Looking into this matter, on 27 July 1854, the Commissioner of Sindh, Sir Bartle Frere, summoned a public meeting with a view to establishing an institution that provided 'good secular instruction to children of all sects'. In this meeting funds were collected through subscriptions to establish a school, a managing committee was appointed and rules were framed that later became the basis for the present Constitution of KGS. It was the newly appointed managing committee that decided to purchase the Mess House of Her Majesty's 64th Regiment at No. 24 Depot Lines, which is at the site of the present day Middle School. The reorganized school was formally opened on 1 November 1854 as "The Kurrachee European and Indo-European School".

1854–1914: Early years 
The school continued on its regular course with a small student body of around 40 children. In 1874, Reverend G. B. Streeton, then Chaplain of Karachi and Honorary Secretary of the school suggested a plan that included expanding the school premises and securing a title deed for the land the school was to occupy, which could only be completed by August 1890 due to complications regarding the government's rights to the resumption of cantonment land.
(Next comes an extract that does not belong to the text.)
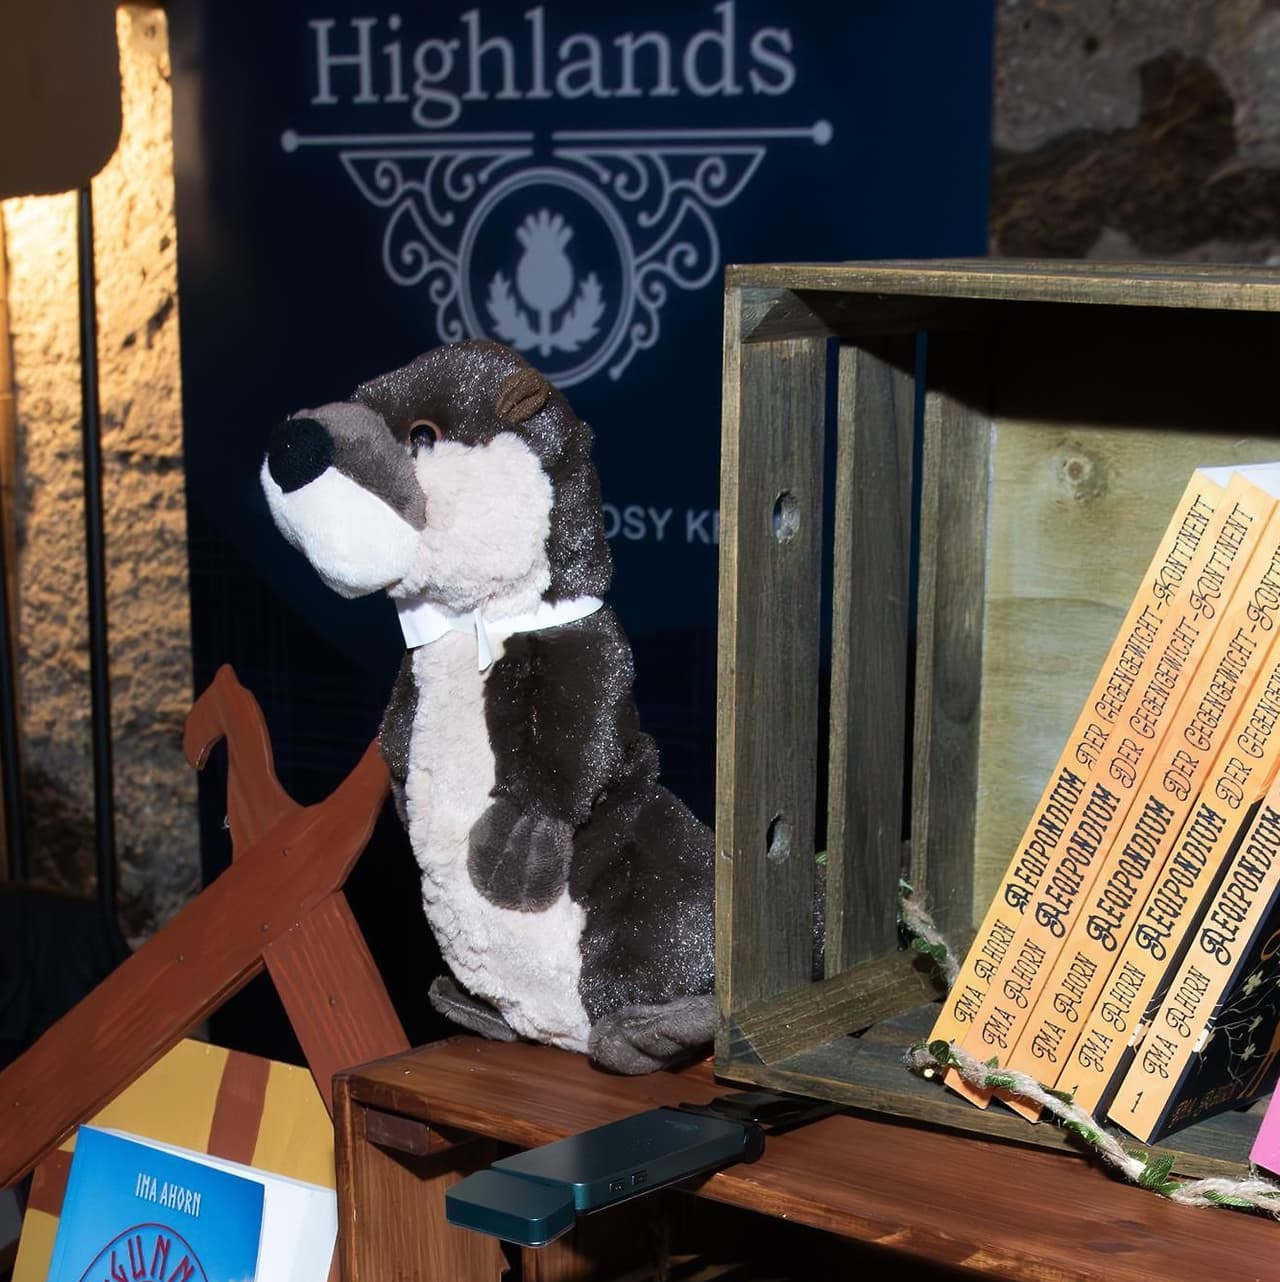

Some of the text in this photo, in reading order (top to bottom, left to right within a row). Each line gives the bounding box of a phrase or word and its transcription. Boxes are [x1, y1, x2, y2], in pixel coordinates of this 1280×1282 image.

[308, 5, 797, 127] Highlands
[602, 503, 673, 541] OSY
[136, 1172, 201, 1218] IMA AHORN
Streeton raised ₨ 4,918, which enabled his plan to go ahead. Captain Thomas F. Dowden of the Royal Bombay Engineers was commissioned to make the architectural drawings for the new building. The new school building was opened for boarders on 27 February 1875 by Sir William Merewether, Commissioner-in-Sind at that time. The role of children was 75 in 1875 and 90 children in 1876 with six teachers, implying a pupil-teacher ratio of 15:1.

During the following years, the school flourished. It was endowed with a library in memory of a local doctor. In 1879, the school was renamed from "The Kurrachee European and Indo-European School" to "Karachi Grammar School".
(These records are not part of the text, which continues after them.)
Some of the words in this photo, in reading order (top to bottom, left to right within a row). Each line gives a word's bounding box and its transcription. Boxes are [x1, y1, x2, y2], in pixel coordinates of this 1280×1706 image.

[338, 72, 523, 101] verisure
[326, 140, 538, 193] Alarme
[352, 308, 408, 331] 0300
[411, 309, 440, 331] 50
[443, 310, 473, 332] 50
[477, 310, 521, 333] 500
During 1901, the school went through a difficult time after the headmaster, Mr Taylor, was forced into resignation by the school's managing committee; the number of students decreased considerably over the course of the following year. Taylor opened his own school named "Taylor High School". In 1902 Taylor returned along with the pupils from his private school. During the next three years, the school improved academically; however, it struggled financially, barely affording the employees. In 1910 the school received a grant of Rs. 2000, which continued over the next thirty years and rescued it from financial crisis.
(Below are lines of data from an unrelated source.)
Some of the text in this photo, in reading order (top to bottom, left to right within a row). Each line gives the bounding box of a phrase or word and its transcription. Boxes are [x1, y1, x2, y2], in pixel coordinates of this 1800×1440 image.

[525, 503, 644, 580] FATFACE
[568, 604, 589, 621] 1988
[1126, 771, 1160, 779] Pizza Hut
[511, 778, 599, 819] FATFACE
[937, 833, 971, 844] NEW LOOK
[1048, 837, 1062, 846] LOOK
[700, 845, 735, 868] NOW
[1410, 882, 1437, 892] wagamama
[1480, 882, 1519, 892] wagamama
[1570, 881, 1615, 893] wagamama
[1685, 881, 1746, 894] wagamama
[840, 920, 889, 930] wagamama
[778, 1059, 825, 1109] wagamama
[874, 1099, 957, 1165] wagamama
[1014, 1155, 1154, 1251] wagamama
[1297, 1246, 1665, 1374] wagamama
In 1912, Bernard Tobin was the first pupil to take, and pass, the Cambridge School Certificate Examination. Additionally, this year marked the first scouts enrolled from the school. Towards the end of 1914, construction began on the third storey of the school, and students were temporarily taught in a building on Merewether Road, which was given free of cost. The total count of students had reached 151.

Academics and curriculum 
Karachi Grammar School gives its students 15 years of education on three different sites. The Kindergarten and Junior sections are accommodated in one site located in Clifton, with students spending Nursery, Prep, and Grades 1 and 2 in the Kindergarten Section, and Grades 3–6 in its Junior Section. Children spend three years in Grades 7–9 in the Middle School located on the Saddar site. On the senior level, the College Section, also located in Clifton, is geared towards preparing students for the GCE Ordinary Level, Advanced Subsidiary Level, and Advanced Level examinations.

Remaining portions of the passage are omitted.